Archive for July 7, 2010
Like looking through someone’s underpants drawer…
I’m sitting in my tiny apartment with the Spain-Germany game on in the background (to see if oracle Paul, the psychic octopus who places his eight legs on different flag markers to articulate his predictions — and who made UK headlines this morning by predicting a Spanish win — is correct) and I’ve just seen a red fox climb up onto the wall under my window. At first I thought it was a small and very nimble dog, but apparently red foxes in England — even in the city — are as common raccoons are in the States. Nonetheless, I was still stunned and in my shock moved too slowly to catch a picture. Here’s a version of what I saw…
But back to the subject at hand…
Today I finished up Graham Bell’s early letters and discovered that he was, in fact, not a fan of Bolton. Indeed, judging by his tone, I’d say he was quite severely traumatized by the experience of spending three weeks there working for the Mass Observers. He refers to the city as “grisly” and “indistinguished” and more to the point, that the food “is too horrible” even to describe. But Bell does have a sense of the good that his work might do in bringing the plight of the industrial working class to into the consciousness of the nation. Indeed, at the end of one of his letters, Bell does write that he wishes to return to Bolton and keep painting in order create works for the local art gallery.

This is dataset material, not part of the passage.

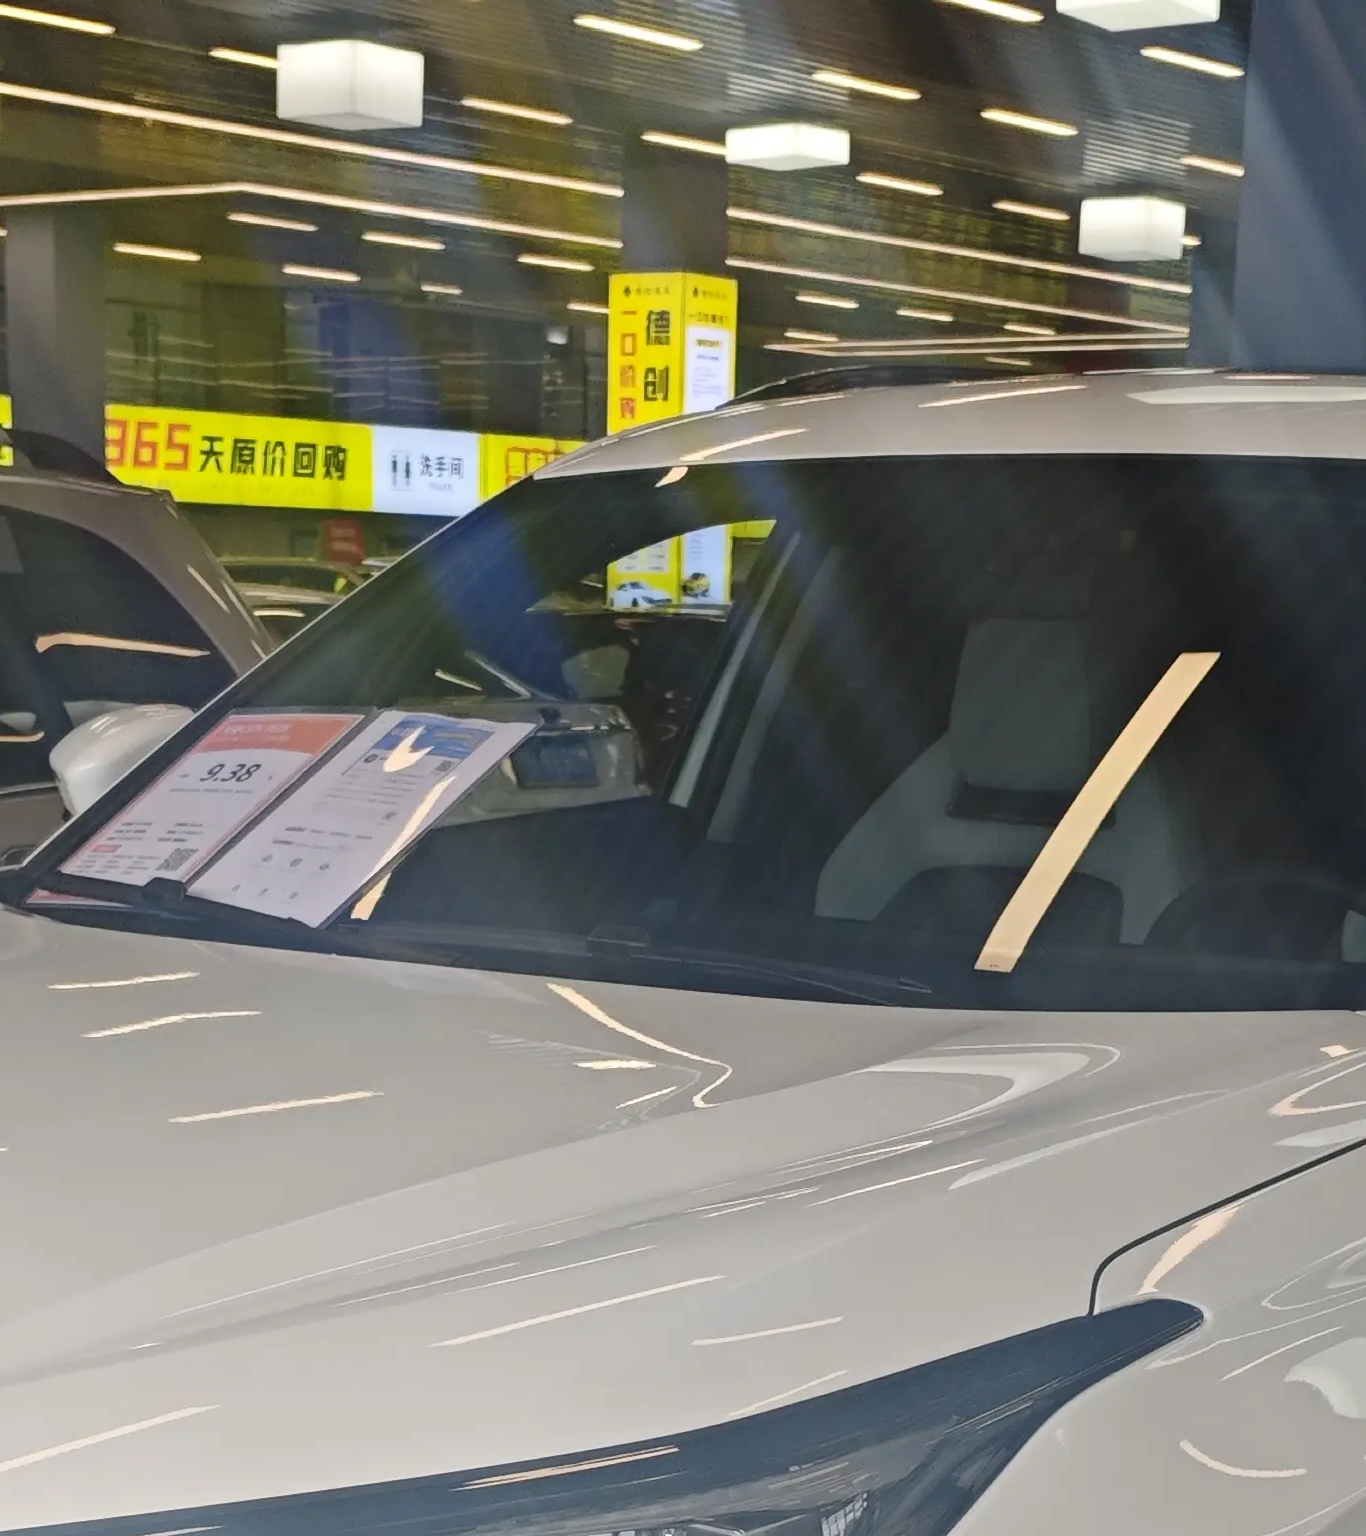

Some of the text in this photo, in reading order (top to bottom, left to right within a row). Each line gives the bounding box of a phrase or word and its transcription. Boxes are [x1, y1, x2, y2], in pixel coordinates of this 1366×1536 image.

[aside: Spain has just won a spot in the final...clearly oracle Paul the octopus IS the 8th wonder of the world]
I then moved on to files, files, and more files of William Coldstream’s collected correspondence. Rather than reading letters written by him, I was reading letters written to him by friends, family, and colleagues. In looking for a gem (namely, any letter written to him by Tom Harrisson, Charles Madge, Humphrey Jennings, or anyone else associated with Mass Observation), I stumbled across so many tidbits of information that I never would have found otherwise. So much can be discovered by the serendipity involved in reading through stacks of communications that were — in many cases — never intended for public view (hence the title of today’s post…)

William Coldstream (center) with his good friends Wystan (W.H.) Auden (right) and Benjamin Britten (left)
Included in these files of letters are messages from Sir Kenneth Clark, W.H. Auden, Clive Bell, Vanessa Bell, John Bratby, Alberto Cavalcanti, Lawrence Gowing, and Duncan Grant, amongst others. I think what struck me most, however, was a letter authored by a complete stranger. Responding to Coldstream’s 1937 article in the BBC magazine The Listener (entitled “How I Paint”), the writer wanted to tell the painter that he was grateful for what Coldstream had argued about the nature of painting in general and, more specifically, the need for realistic visual representation. A failed painter himself, the writer informs Coldstream that the depression he feels over the state of the arts in Britain (abstract and alienating) was temporarily lifted by Coldstream’s words.
Unfortunately, I only got to the “G” file (alphabetical by sender) by 5pm this afternoon when the archive closed for the day. Tomorrow, we move on to the “H” file and perhaps some “Harrisson” entries!